5. Выращивайте клетки на CAM в течение 10 дней и фотографируйте каждые 2 дня.
6. Эвтанизировать и собирать опухоль, кровь и органы.
   1. В день развития 20 (опухолевый день 10), собирать кровь через хориоаллантоической вены с гепарина 10 мл шприца.
   2. Эвтанизировать эмбрионы, поставив их на лед в течение 15 минут.
   3. Урожай и взвешивание опухолей. Вскрыть легкие и печень с помощью стерильной ткани уборки техники, аналогичной той, которая используется для мышей²².
      ПРИМЕЧАНИЕ: Куры печени имеют две доли, которые являются первыми органами видели в брюшной полости. Не путайте их с легкими. Куриные легкие расположены под сердцем и перегородкой²⁶. Успешная коллекция легких может быть подтверждена открытыми ребрами.
   4. Исправить опухоли и вскрытые органы в 4% параформальдегида ночь для парафина воска встраивания.
7. Выщелачить цыплят.
   1. Чтобы обеспечить длительный период роста опухоли, продолжайте инкубацию в течение 21 дня и позвольте цыплятам вылупиться при 37 градусах Цельсия и не менее 60% влажности.
      ПРИМЕЧАНИЕ: Куры естественно люк после 21-го дня в течение 24 ч период времени, но иногда возникают проблемы штриховки сами по себе.
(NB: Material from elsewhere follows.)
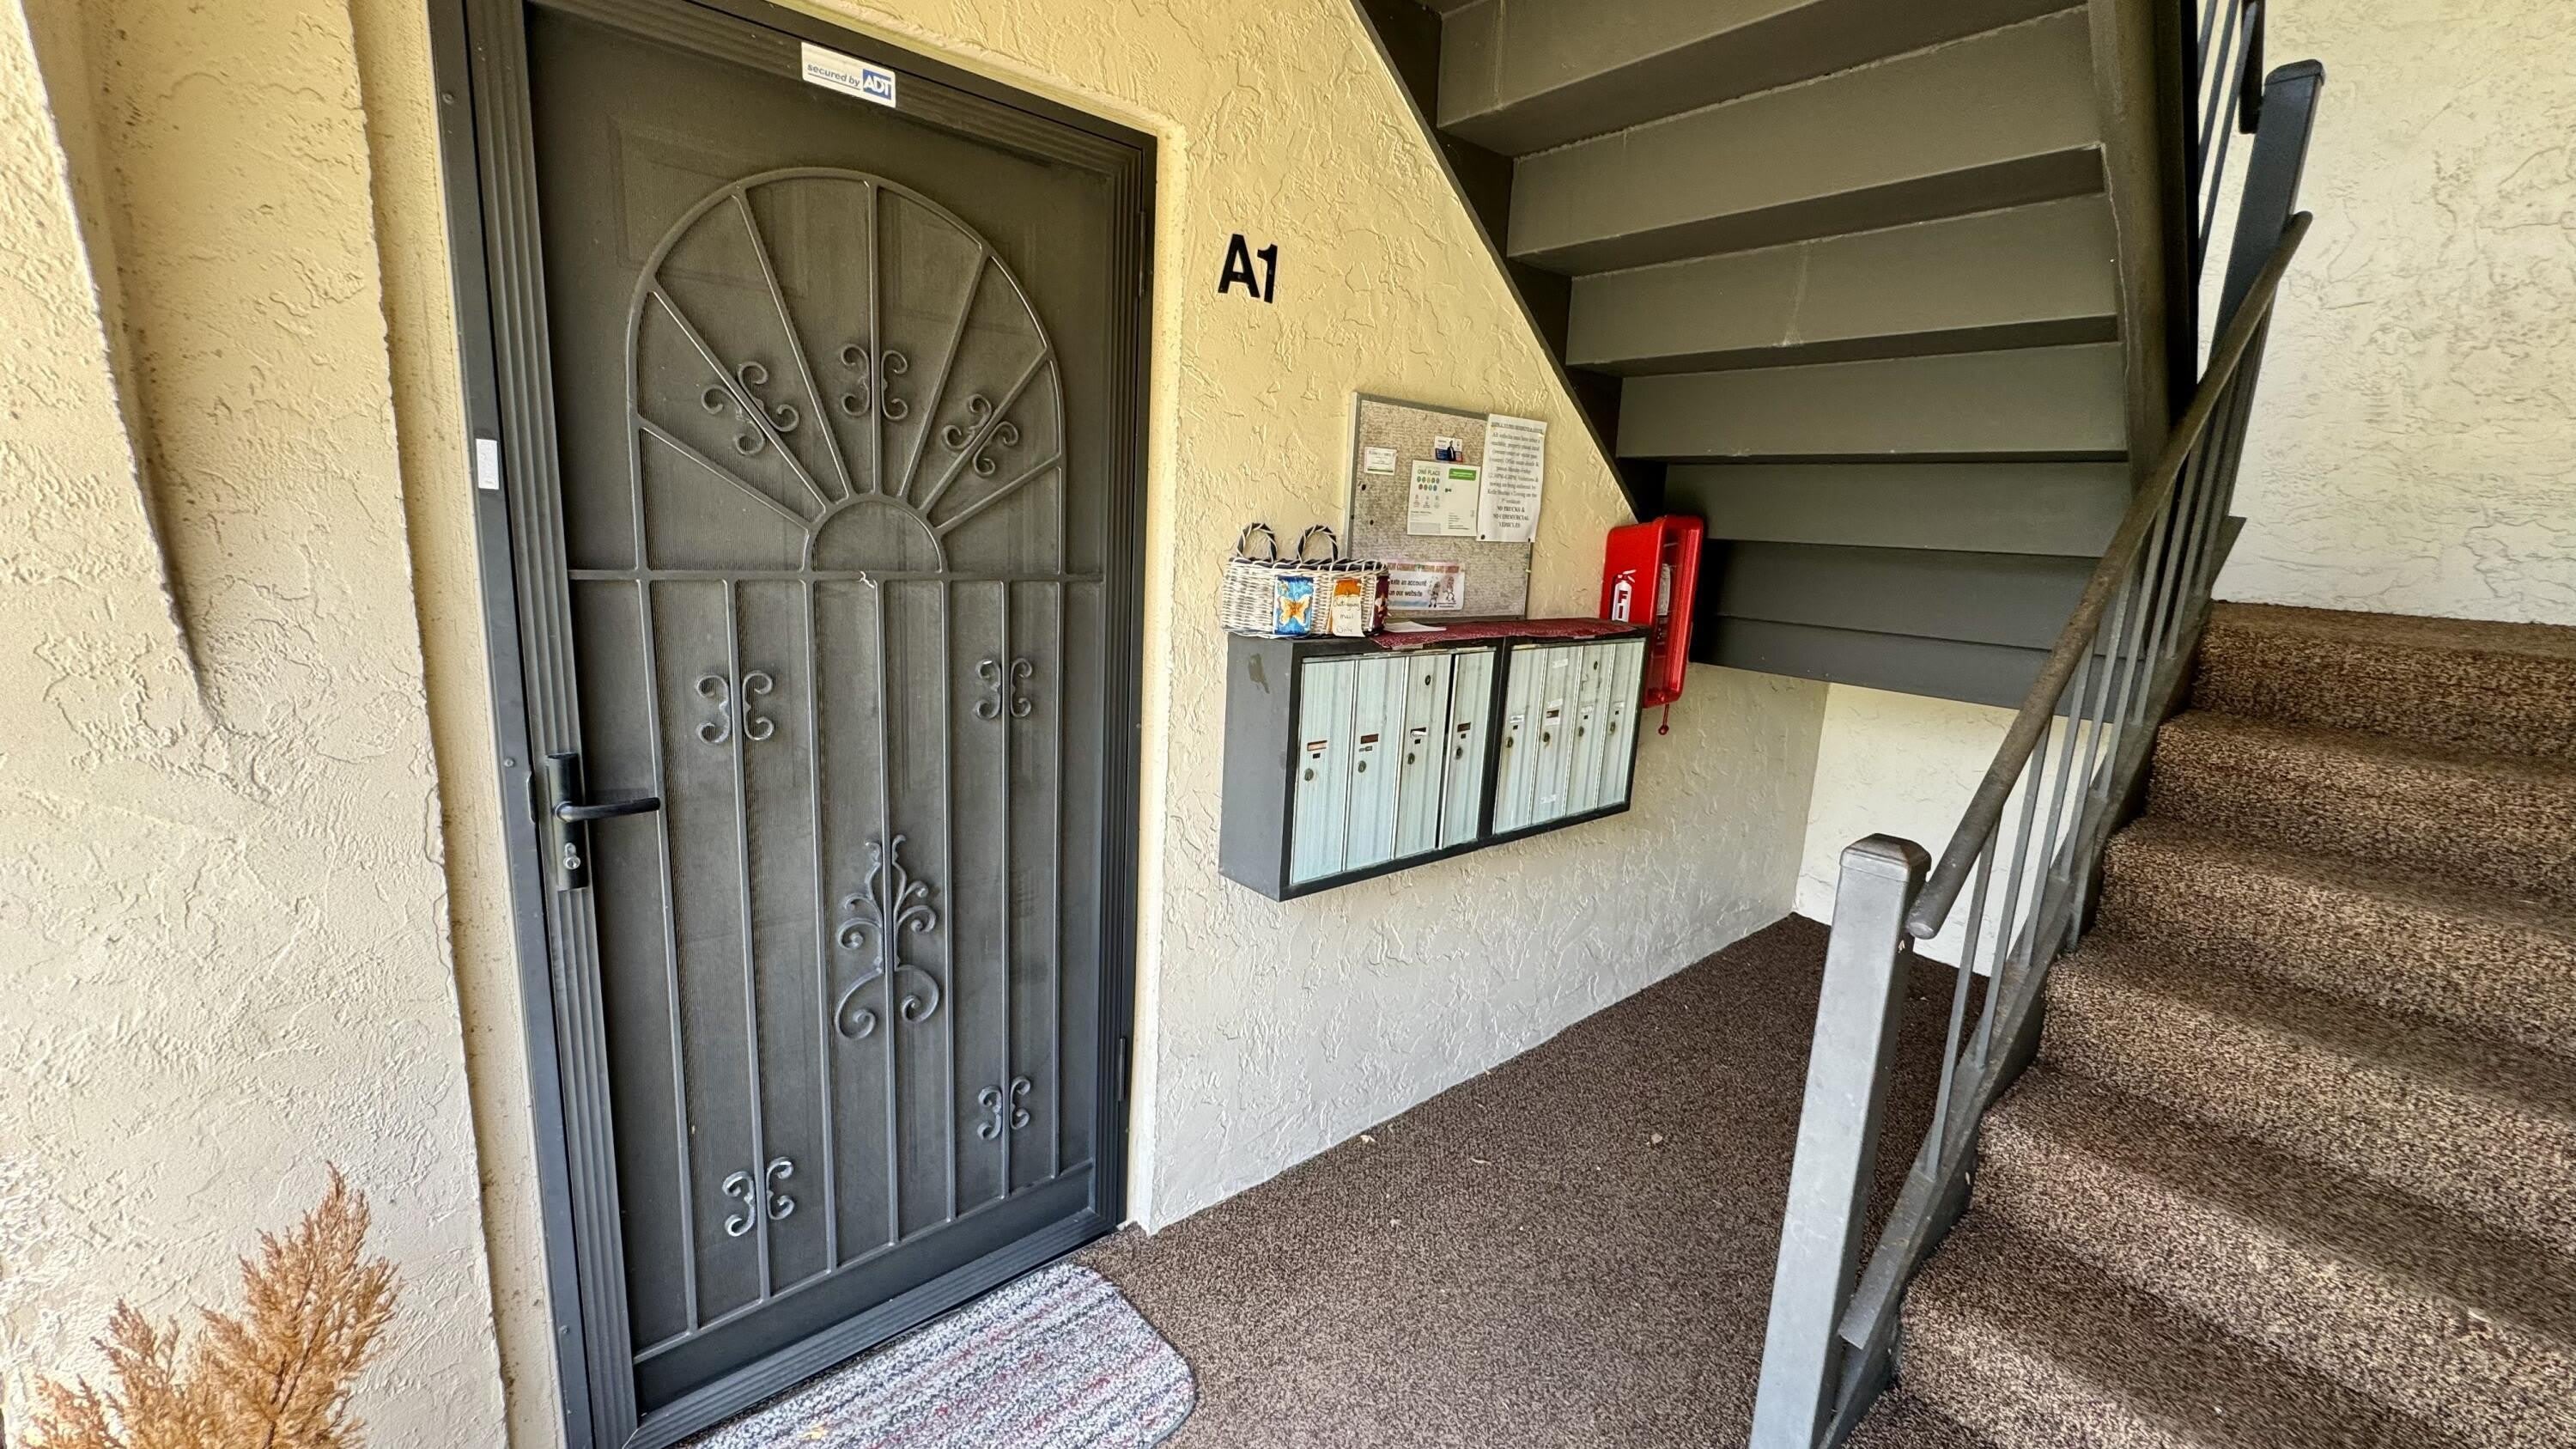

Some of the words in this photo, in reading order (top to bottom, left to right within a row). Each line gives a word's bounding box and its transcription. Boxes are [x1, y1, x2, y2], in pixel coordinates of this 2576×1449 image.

[807, 63, 848, 82] secured
[848, 76, 860, 87] by
[863, 74, 892, 96] ADT
[1218, 233, 1279, 305] A1
В этом случае, растрескивание яичной скорлупы некоторые помогает. Важно для цыплят, чтобы завершить процесс вылупления в течение 24 ч, потому что они умрут от недостатка питательных веществ после этого.
   2. Выращивайте кур на животноводческой ферме (2017-102-01A) в течение 2 недель.
   3. На развитие 34 (опухоль день 24), эвтаназии птенцов с изофлуранинга с последующим вывихом шейки матки.
   4. Вскрыть легкие с помощью стерильной ткани уборки техники, аналогичной тем, которые используются для мышей²². Затем, исправить их в 4% параформальдегида на ночь для парафина воска встраивания.

3. Иммуногистохимия

ПРИМЕЧАНИЕ: Все ткани секции и Н И E окрашивания было сделано в лаборатории translational патологии Core (TPCL) в Университете Калифорнии, Лос-Анджелес.
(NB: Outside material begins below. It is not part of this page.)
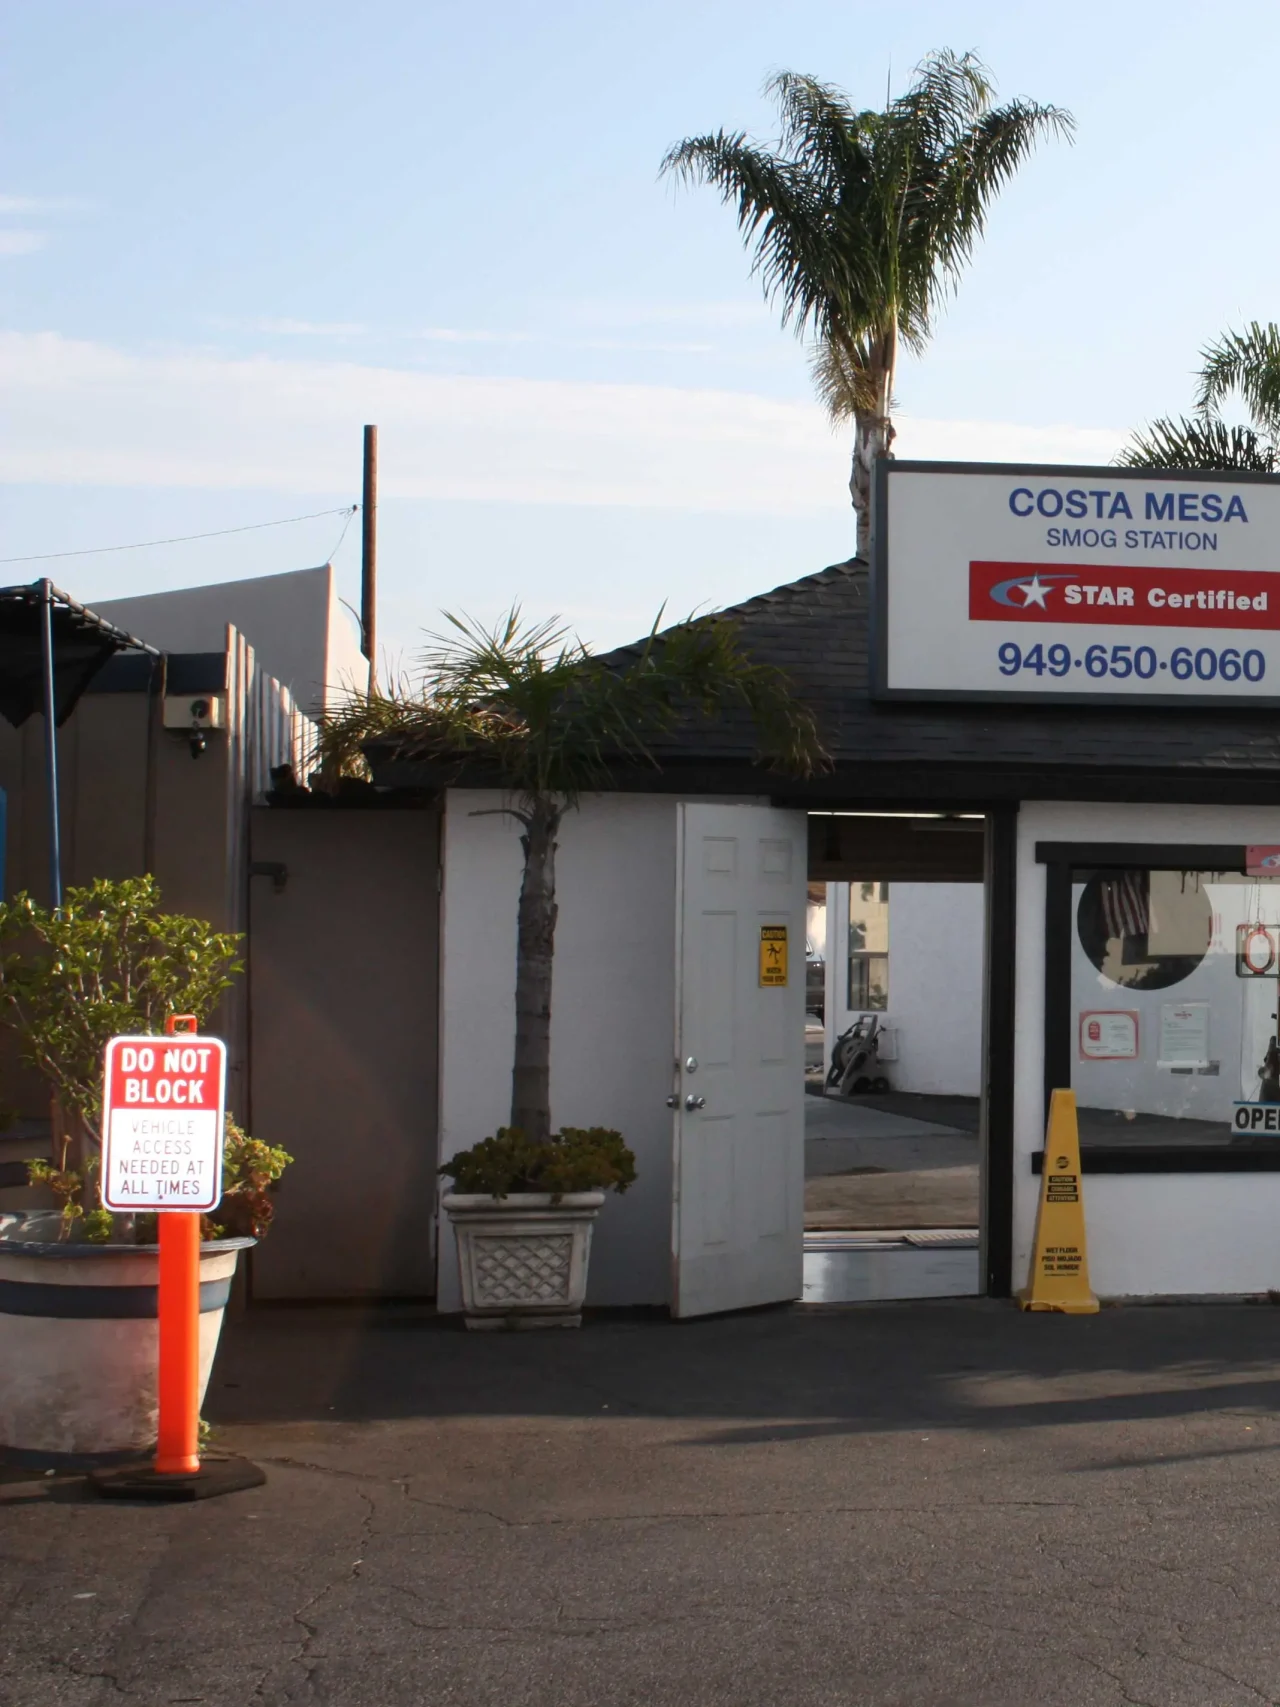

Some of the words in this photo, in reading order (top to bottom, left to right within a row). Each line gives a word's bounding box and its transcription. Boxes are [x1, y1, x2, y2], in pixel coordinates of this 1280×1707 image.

1. Выпекать слайды при температуре 65 градусов по Цельсию в течение 20 минут и депарафинизировать 3x с помощью ксилена и регидратировать последовательно от 100% этанола до воды.
2. Извлекайте антигены в цитратном буфере, варящемся в овощном пароходе в течение 25 мин.
3. Применить 1% BSA для блокировки. Затем нанесите первичные антитела (анти-VHL, anti-HA, anti-flag) подготовленные на коэффициенте разбавления 1:200 в PBS. Инкубировать на ночь при 4 градусах Цельсия.
4. После мытья 3x с TBST (7 мин каждый), инкубировать слайды со вторичным антителом в 1:200 разбавления. Вымойте 3x с TBST (7 мин каждый) и применять DAB реагентов следуют гематоксилин контрпотирования.

4. Цитометрия потока

1. Обработайте мышь или куриную кровь с помощью буфера лиза из красных кровяных телец (РБК) в соответствии с протоколом производителя.
   ПРИМЕЧАНИЕ: Достаточно елизирбкя РБК особенно важно при анализе крови CAM, потому что куриные РБК нуклеитные и не могут быть легко различимы в цитометрии потока с помощью переднего и бокового рассеяния.
2. Запустите цитометрию потока на лицей крови и проанализируйте данные для выражения mStrawberry и EGFP.
3. Установите основные ворота на основе переднего и бокового рассеяния, исключая мусор, мертвые клетки и неизлёзовые РБК.
4. Установите флуоресценцию ворота на основе неокрашенных образцов и одного окрашенных элементов управления. Используйте анализ крови, загрунтованный с VHL-WT, VHL-KO, или немаркированные клетки RENCA в качестве одного окрашенных элементов управления и неокрашенных элементов управления, соответственно.

Representative Results

Каждый эксперимент был выполнен по крайней мере в 3 x, если не указано иное. Данные представлены в виде среднего стандартного отклонения (SD). Значение определялось парным, Студенческим Т-тестом, когда было две группы или односторонней ANOVA, когда было три или более групп. Для установления значимости использовалось отсечку p-значения 0,05.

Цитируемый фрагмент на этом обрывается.